And until I reached the 34km marker, that remained the case. I’d nearly choked on an energy gel pack after about 15k, but having regained my equanimity I’d floated serenely around the course, swept along by the sense of occasion, and by the crowds of runners and supporters who swarmed together to help shield me from the reality of what I was pushing my body through.

At 34k though, something inside me just crumbled. Long-distance running ultimately boils down to the battle between mind and body; to the tipping point at which your brain waves the white flag, and stops resisting the double whammy of muscle/joint pain and aerobic exhaustion. At 34k, my race was run; I closed my eyes as the final wave swept over me, eroding the last of my willpower and slowing my legs to a begrudging, heartbroken walk.

I don’t remember much about the next 5 kilometres, because even at the time I tried to ignore their passing. I ran and walked in equal measure, setting myself little targets each time I found a new energy reserve. “The next corner,” I’d tell myself. “The next corner – then you can walk again.”

As I went over Potsdamer Platz, with a little under two miles to go, I rallied. Someone in the crowd waved at me, and called out my name (they’re printed under your race number). “Go on, C___!” she shouted. “Not far to go now – you can do it!” I remember looking round to try and see her face, but between my blurred vision and the dense crowds lining the routes the noise seemed to come from every person I passed. It felt for just one moment like the whole of Berlin was cheering me on.

Four hours and nine minutes after crossing the start line, I staggered past the line of volunteers handing out medals, dispensing water, and guiding confused, wobbly finishers towards the changing tents.

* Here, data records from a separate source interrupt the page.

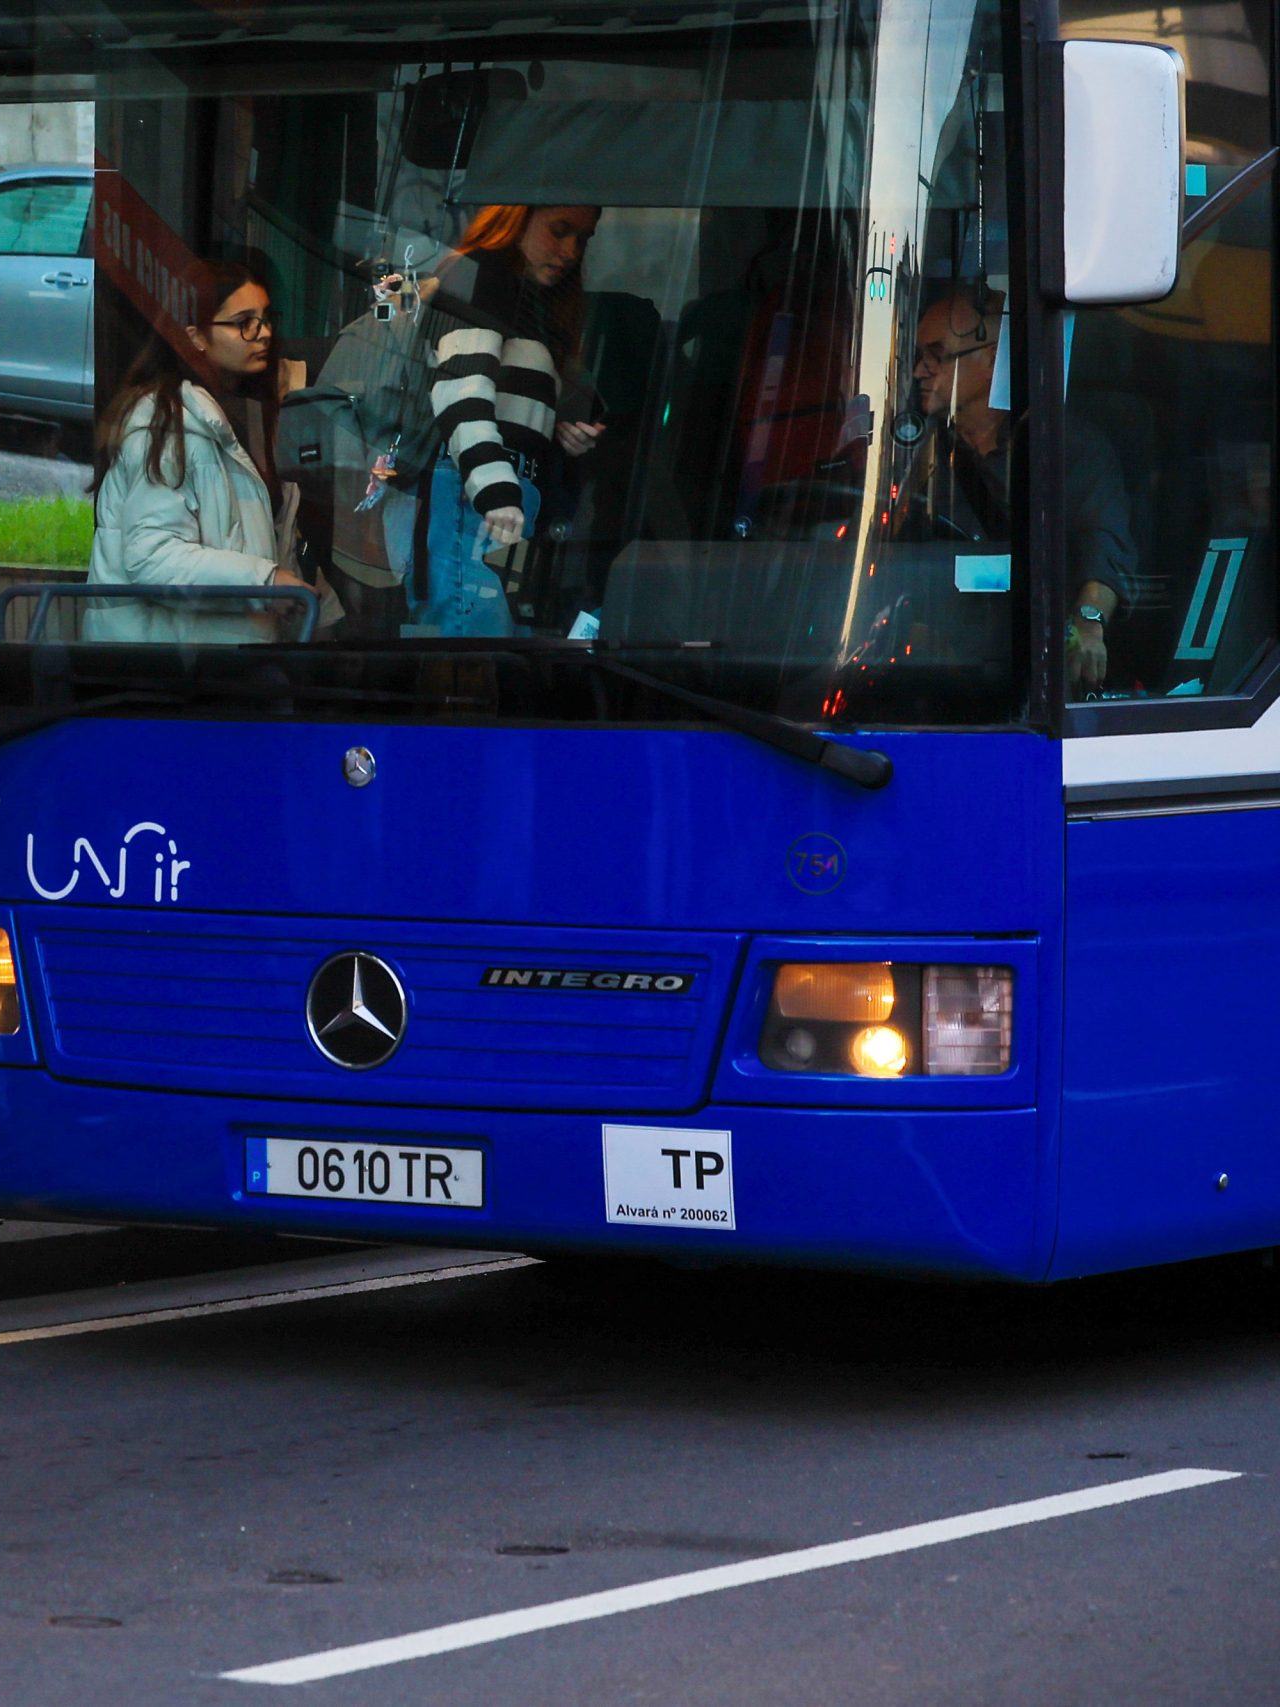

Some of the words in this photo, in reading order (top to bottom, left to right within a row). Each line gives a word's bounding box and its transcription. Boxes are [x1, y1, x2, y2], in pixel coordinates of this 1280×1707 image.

[795, 851, 839, 877] 751
[488, 969, 684, 991] INTEGRO
[661, 1148, 725, 1190] TP
[616, 1203, 659, 1219] Alvará
[680, 1208, 728, 1222] 200062

Even though I was fairly sure I wasn’t going to vomit, I felt nauseated – as much from the disorientation and mental fatigue as from the physical pain.

Heading back to the hotel (without my friend, who finished 20 minutes later) I twice took the wrong line on the U-Bahn; it was as if my brain was struggling to process the 360 degree world around me after four hours spent focusing only on the road ahead, and on my own increasingly fragmented thoughts.

Two days later, I posted this photo on Facebook.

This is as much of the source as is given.